__Problem details__
Every record should be copied exactly, except that pictures are to be omitted.

--- Supplied records Enclosed Below ---

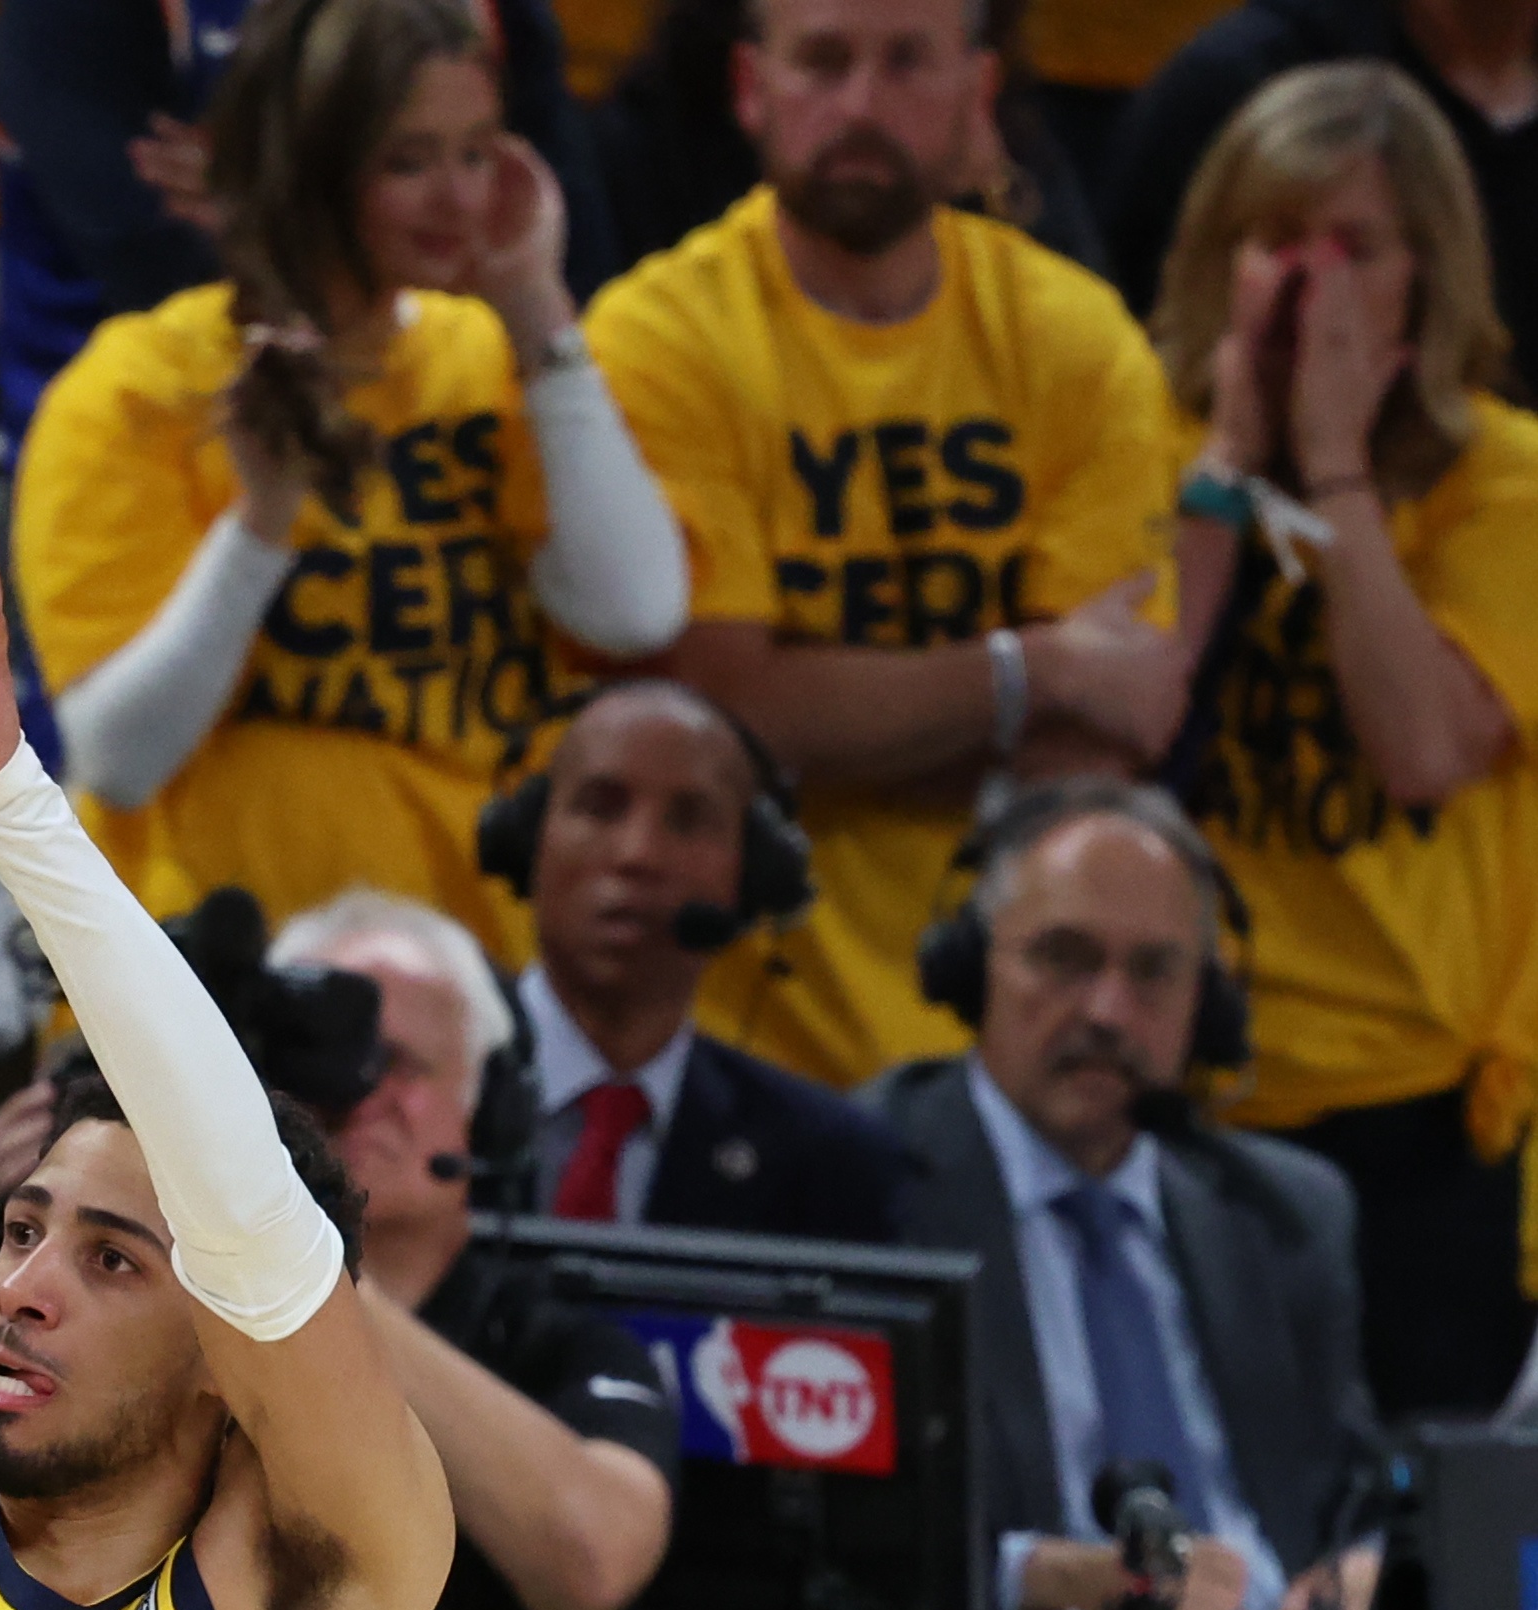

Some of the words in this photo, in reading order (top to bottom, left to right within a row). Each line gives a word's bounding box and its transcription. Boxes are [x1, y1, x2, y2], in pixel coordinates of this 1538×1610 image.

[789, 419, 1026, 537] YES
[263, 535, 513, 658] CER
[760, 1375, 872, 1421] TNT
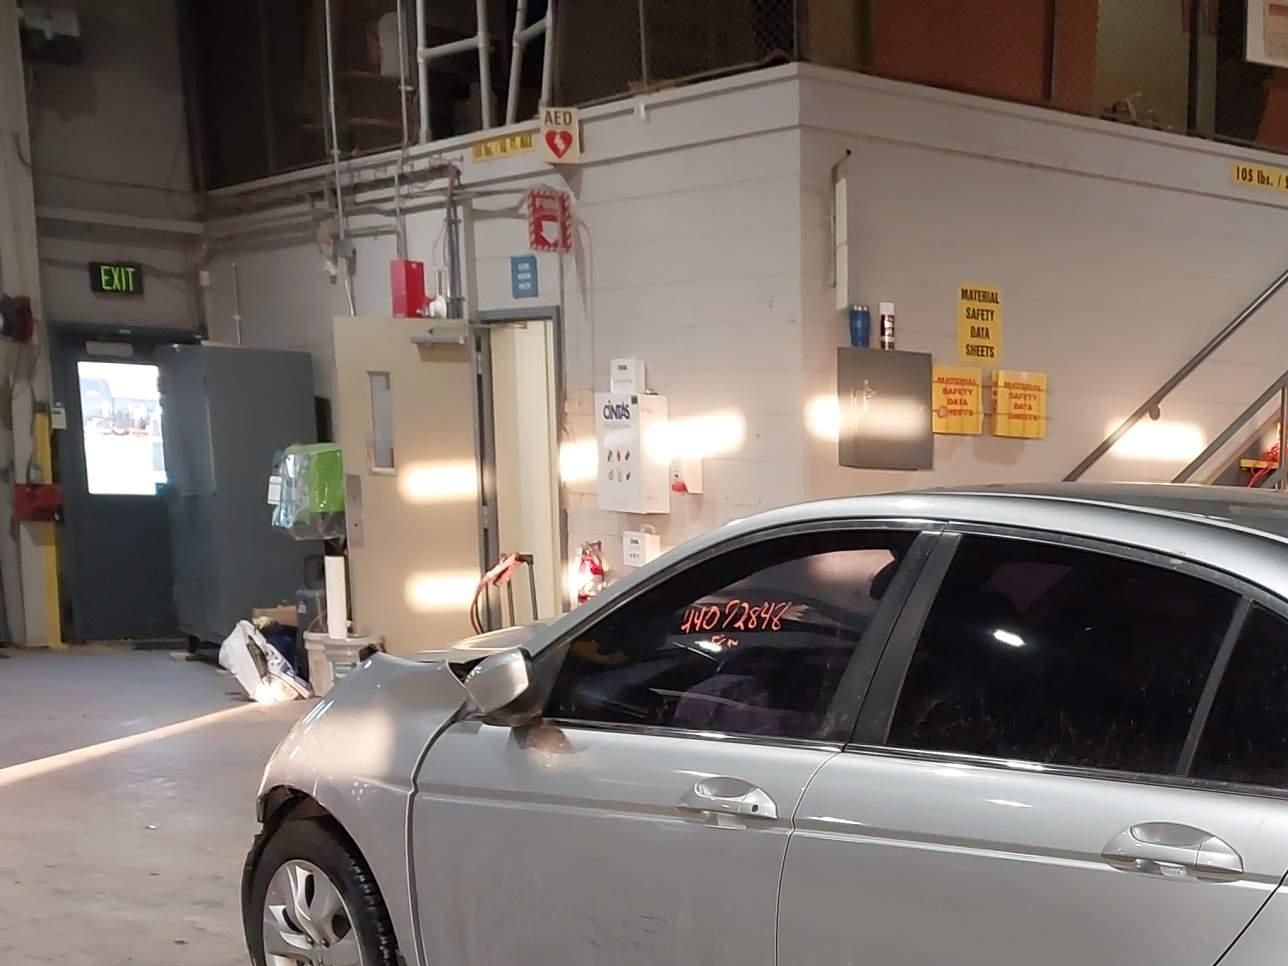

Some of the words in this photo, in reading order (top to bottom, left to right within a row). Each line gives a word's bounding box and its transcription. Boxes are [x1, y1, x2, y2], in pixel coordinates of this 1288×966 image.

[544, 110, 573, 126] AED
[1236, 166, 1254, 182] 105
[1257, 169, 1274, 187] lbs.
[1276, 173, 1283, 188] /
[100, 265, 136, 292] EXIT
[960, 287, 1000, 305] MATERIAL
[965, 306, 995, 323] SAFETY
[970, 325, 991, 341] DATA
[965, 343, 995, 359] SHEETS
[942, 387, 975, 397] SAFETY
[946, 398, 969, 407] DATA
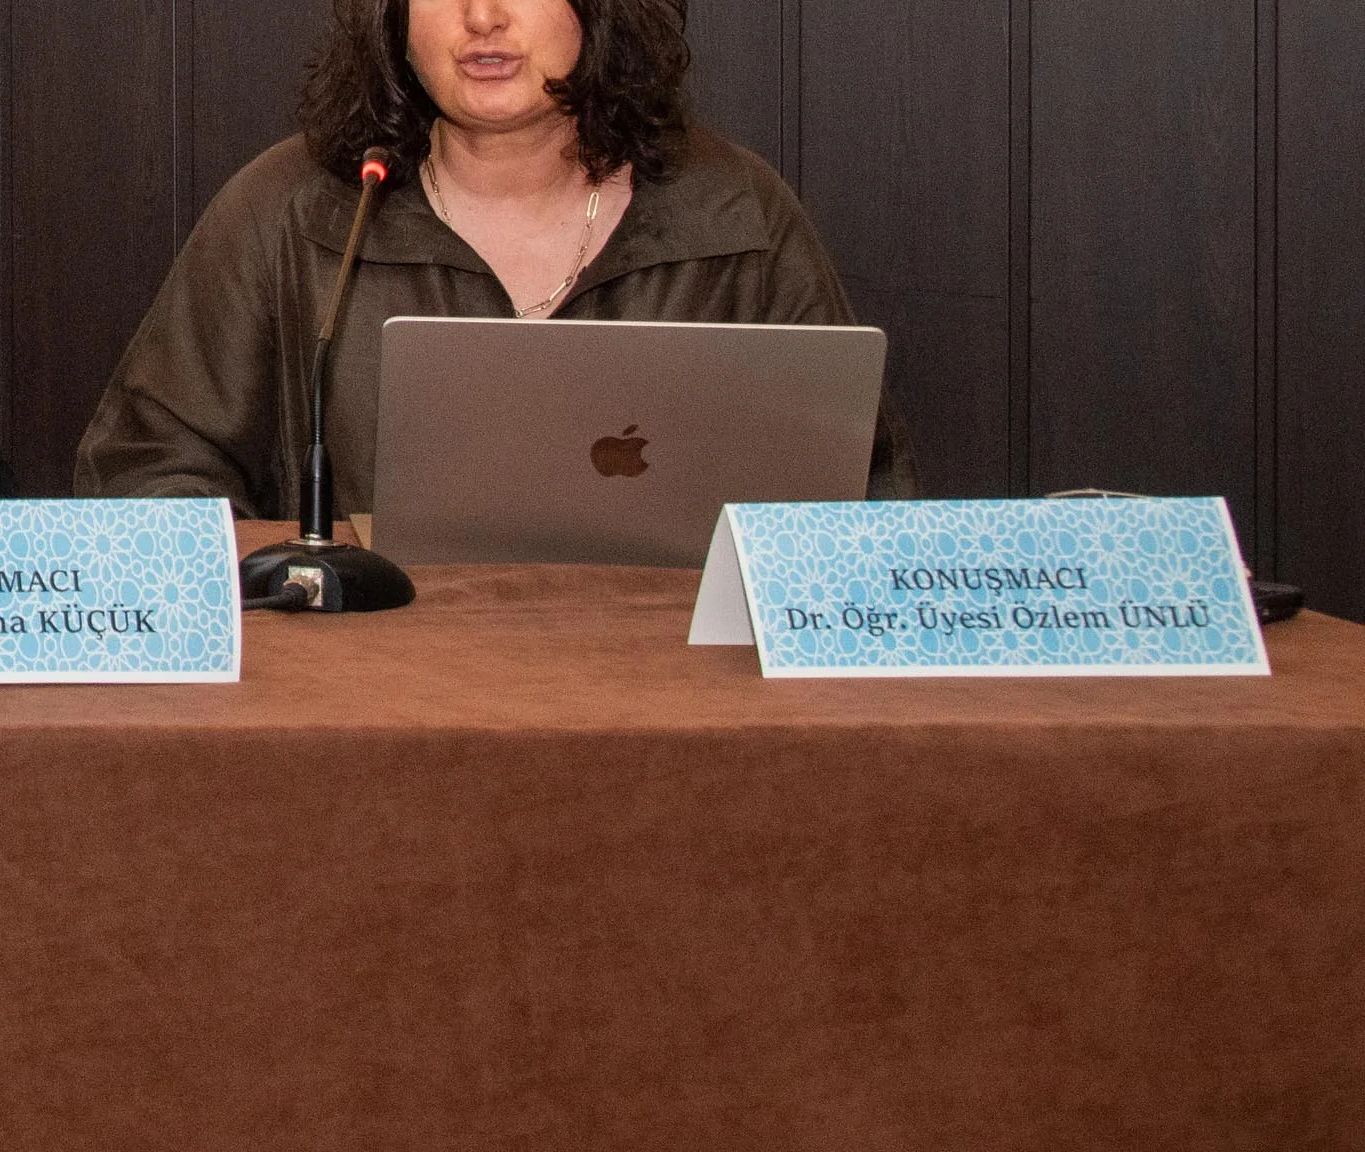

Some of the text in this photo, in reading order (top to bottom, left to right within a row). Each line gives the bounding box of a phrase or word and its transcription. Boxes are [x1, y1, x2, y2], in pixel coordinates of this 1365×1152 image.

--- End of Enclosed Supplied records ---

__Solution to the problem__
Some of the words in this photo, in reading order (top to bottom, left to right within a row). Each line gives a word's bounding box and its transcription. Boxes are [x1, y1, x2, y2], in pixel coordinates of this 1538×1610 image.

[789, 419, 1026, 537] YES
[263, 535, 513, 658] CER
[760, 1375, 872, 1421] TNT

Some of the words in this photo, in reading order (top to bottom, left to right within a row). Each line gives a word's bounding box and its transcription. Boxes are [x1, y1, x2, y2], in pixel coordinates of this 1288×966 image.

[544, 110, 573, 126] AED
[1236, 166, 1254, 182] 105
[1257, 169, 1274, 187] lbs.
[1276, 173, 1283, 188] /
[100, 265, 136, 292] EXIT
[960, 287, 1000, 305] MATERIAL
[965, 306, 995, 323] SAFETY
[970, 325, 991, 341] DATA
[965, 343, 995, 359] SHEETS
[942, 387, 975, 397] SAFETY
[946, 398, 969, 407] DATA

Some of the text in this photo, in reading order (top to bottom, left to right within a row). Each line gives the bounding box of a phrase or word and its transcription. Boxes are [x1, y1, x2, y2], in pixel coordinates of this 1365×1152 image.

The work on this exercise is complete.